I believe the fuzzdivider could have been built anytime from the 1960’s onwards. 40 years later, there has to be some other options! The 21st century version probably has 1 million times as many transistors in its chips – (so I’m not going to draw a diagram for one).
The fuzzdivider works here because we can custom build it, and it can be made very small, and Chesh wants to build it into the guitar.
But how about another way to get the effects you want? You could build in the extra 2-pole pickup, and wire it directly to the second channel of a stereo jack socket, via a simple switch to disconnect it. Then take a stereo lead and plug it into a box. In the box, you could have the fuzzdivider, and the mixing circuits to combine the pickups. If you switch the bass pickup off on the guitar, nothing comes through except the main pickups, and you have a normal guitar. Switch it on, the fuzzdivider gets a signal and the bass cuts in.
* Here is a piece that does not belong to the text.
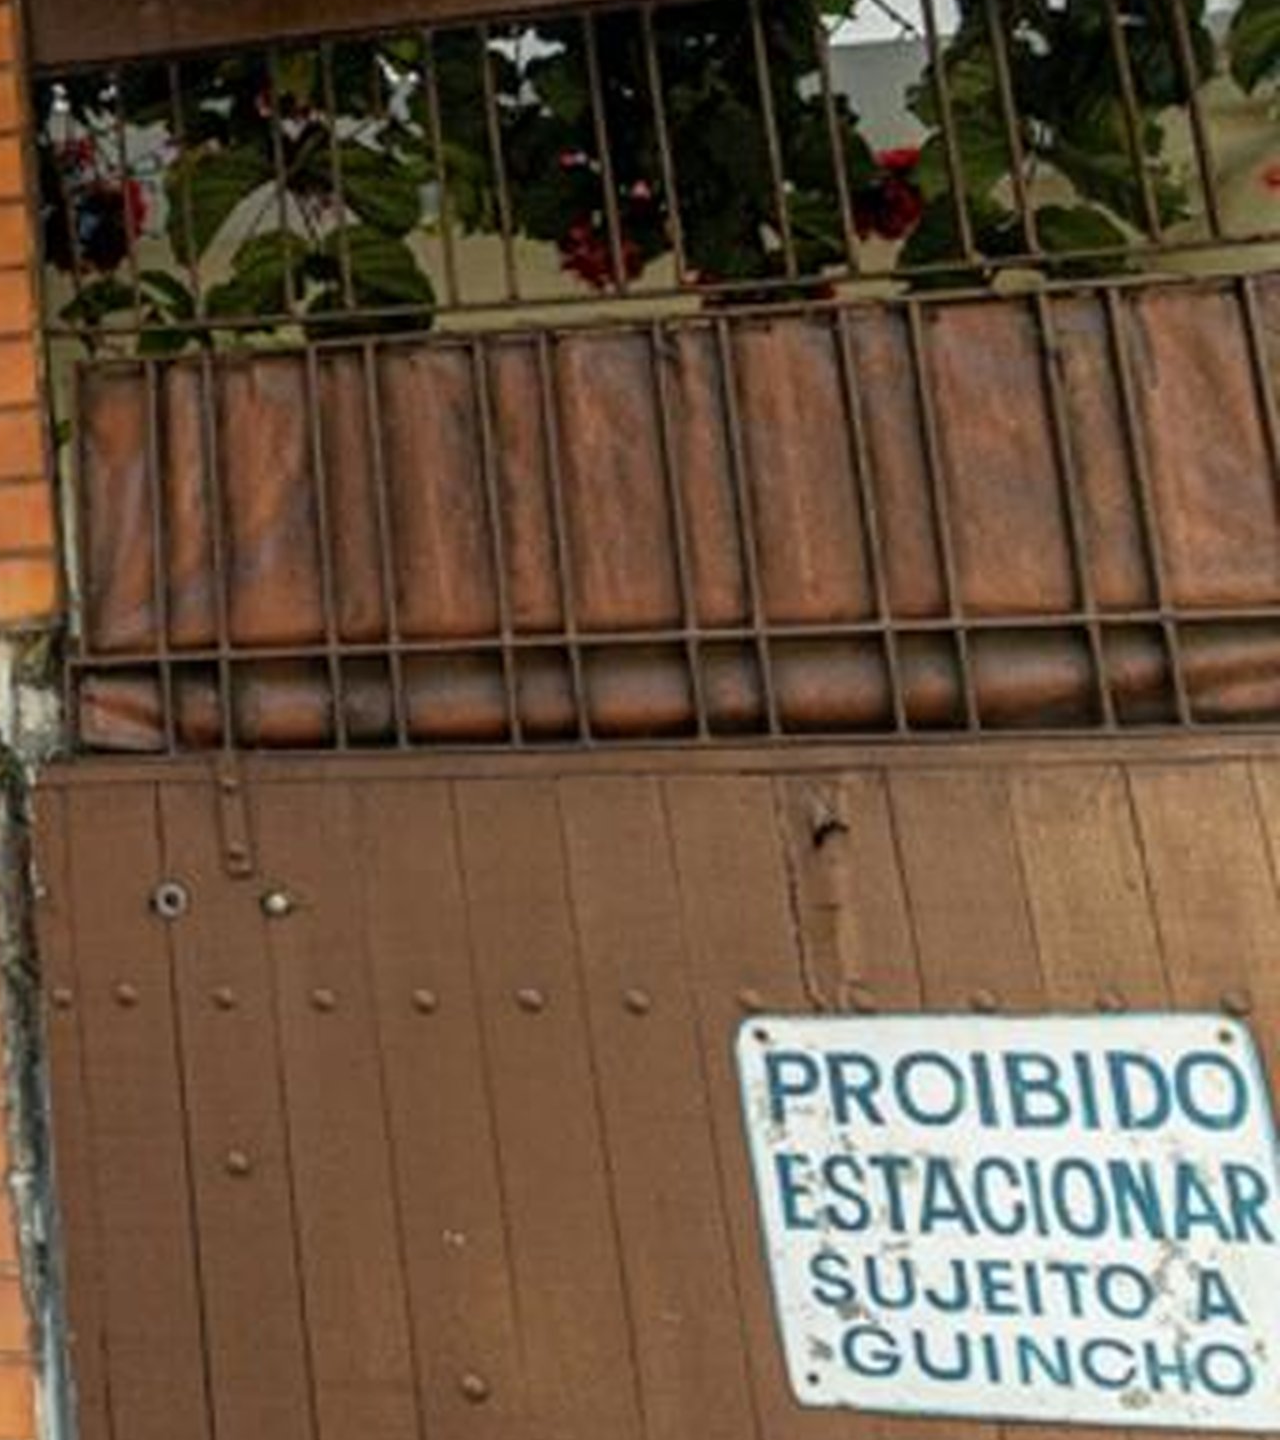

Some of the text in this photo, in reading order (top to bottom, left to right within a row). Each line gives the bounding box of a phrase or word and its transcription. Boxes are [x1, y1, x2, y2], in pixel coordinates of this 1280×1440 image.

[763, 1050, 1250, 1131] PROIBIDO
[773, 1152, 1277, 1244] ESTACIONAR
[808, 1251, 1247, 1325] SUJEITO A
[840, 1324, 1256, 1398] GUINCHO
It could also do the phasing option you mentioned.
The advantages of this is that you can build the circuit with more freedom and space, outside of the guitar, where its easier to tinker with. But also as an alternative to the fuzzdivider, with a different and much simpler box, you could make a splitter to feed the bass pickup to a digital box such as RW is describing, and back in to mix it. You’d have both options and less work to the guitar.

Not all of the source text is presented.